Recent research from Arizent, parent company of Employee Benefit News, found that 65% of employers feel their staff are generally healthy, but only 35% of employers with less than 100 workers think the health of their employees has improved over the past few years, which they directly correlate with rising health plan premiums.

The survey also found that 40% of employers have seen an uptick in the use of sick days and medical leave by their staff. This may also be an outgrowth of the COVID-19 pandemic. Since then, managers have generally encouraged staff to stay home if they are ill to avoid spreading the love to other staff members.

“However, increased use of medical leave does hint at more serious health challenges popping up for workers,” the report says. “Moreover, approximately one-third of employers are seeing a rise in disability leave and the overall prevalence of chronic illnesses.”

This suggests that more employees need time off for their health. These may be warning signs of declining health among workers.

Besides taking more sick and leave time off, less healthy workers may also not be as productive, may have greater instances of presenteeism and cause group health premiums to grow.

What employers are doing

Focusing on preventive care — Overall, 89% of employers surveyed are taking steps to control health care costs, with a majority focusing on improving preventive care access. They are incentivizing preventive care in a number of ways, according to the Arizent survey:

  • 39% host vaccination sessions at the office,
  • 32% host educational talks or webinars about preventive care,
  • 31% host disease screenings,
  • 28% provide monetary incentives, and
  • 26% offer paid time off specifically for primary care appointments. 

Efforts are bearing fruit for employers that do the above, with 21% of them saying that the health of their staff has improved over the last few years.

Improving health care literacy — Studies have shown that most group health plan enrollees have a poor understanding of their insurance coverage, and how to use it. Many do not understand what deductibles, copays and coinsurance are and how they work.

Choosing the wrong plan can result in significant out-of-pocket layouts for care, which can further suppress a person’s financial ability to pay for it. Other studies have found that more and more Americans are skipping doctor’s appointments and forgoing necessary care due to the costs and their current health care debts.

The report said that if employers want their workers to pick the best care for the best price, they need to ensure their employees are knowledgeable about their coverage and how to choose the group health plan that best fits their health status.

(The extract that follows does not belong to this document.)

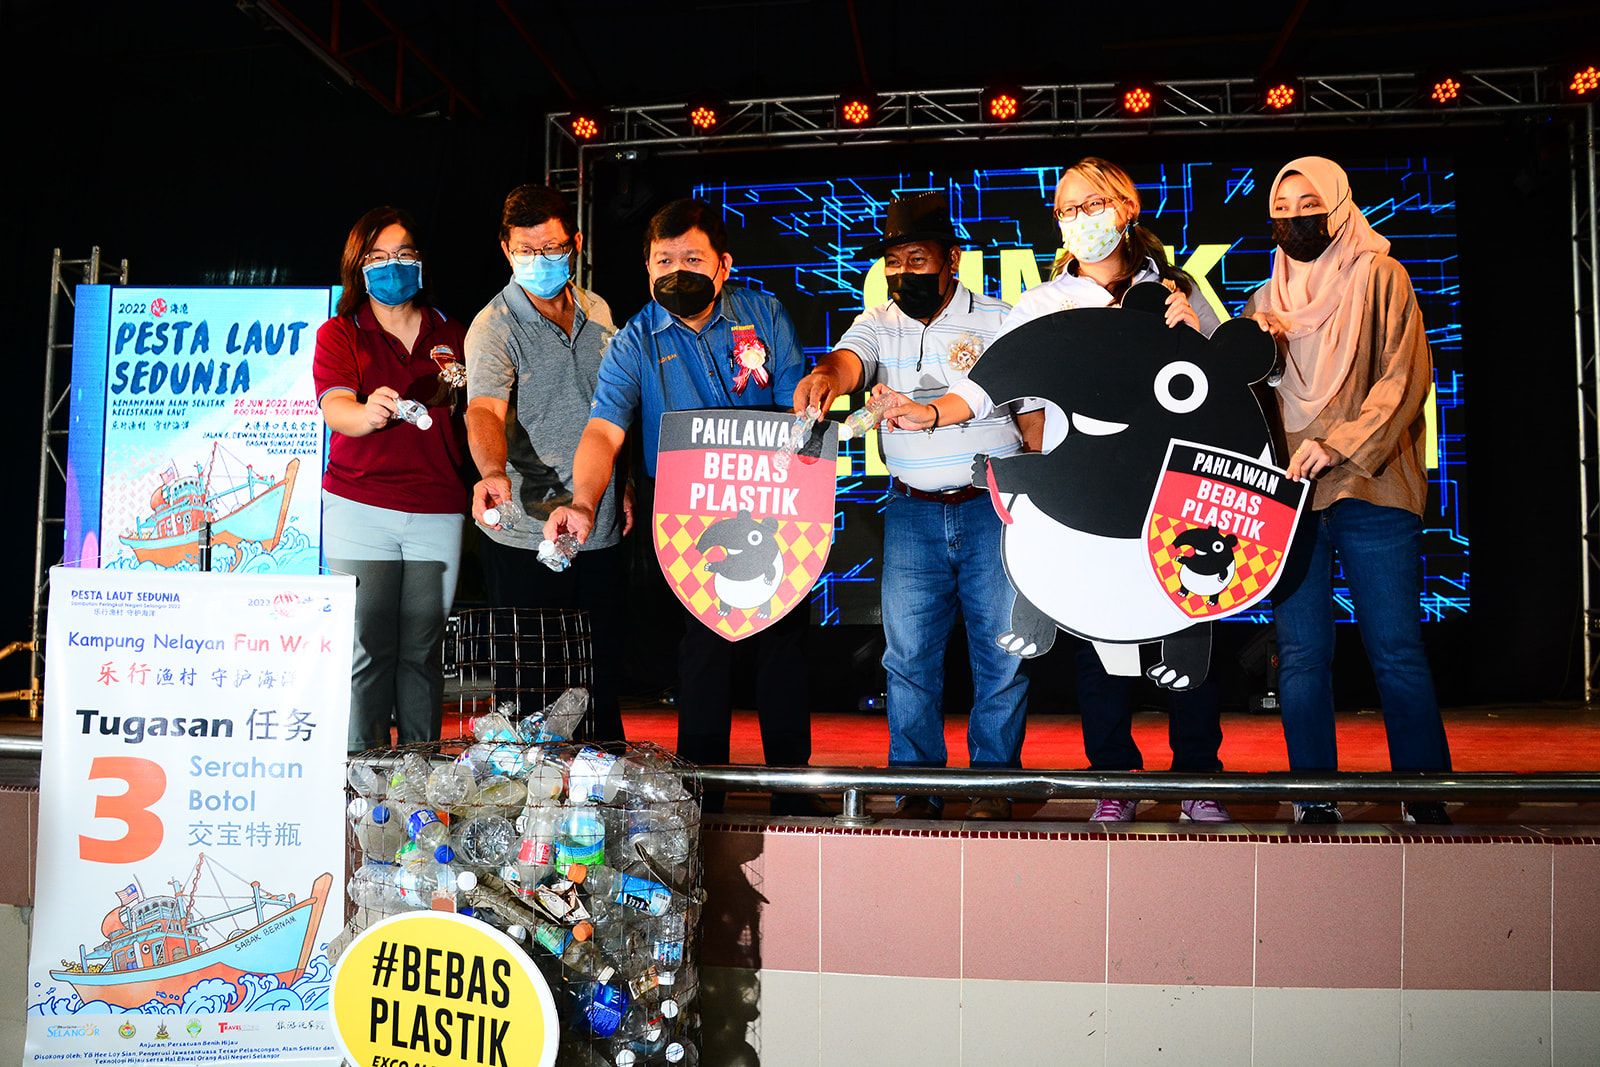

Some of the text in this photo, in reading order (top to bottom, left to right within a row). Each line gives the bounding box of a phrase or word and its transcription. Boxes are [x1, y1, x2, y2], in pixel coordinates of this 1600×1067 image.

That requires that employers educate their workers better about their benefits.

The takeaway

The Arizent study suggests that by helping and encouraging employees to access prevent care and by educating their staff on their benefits, the efforts can pay off in a healthier workforce, and possibly affect premiums.

Employers may need to invest in educational resources and health care navigation tools to help employees better understand the true cost of their plans, beyond what they are paying in premium.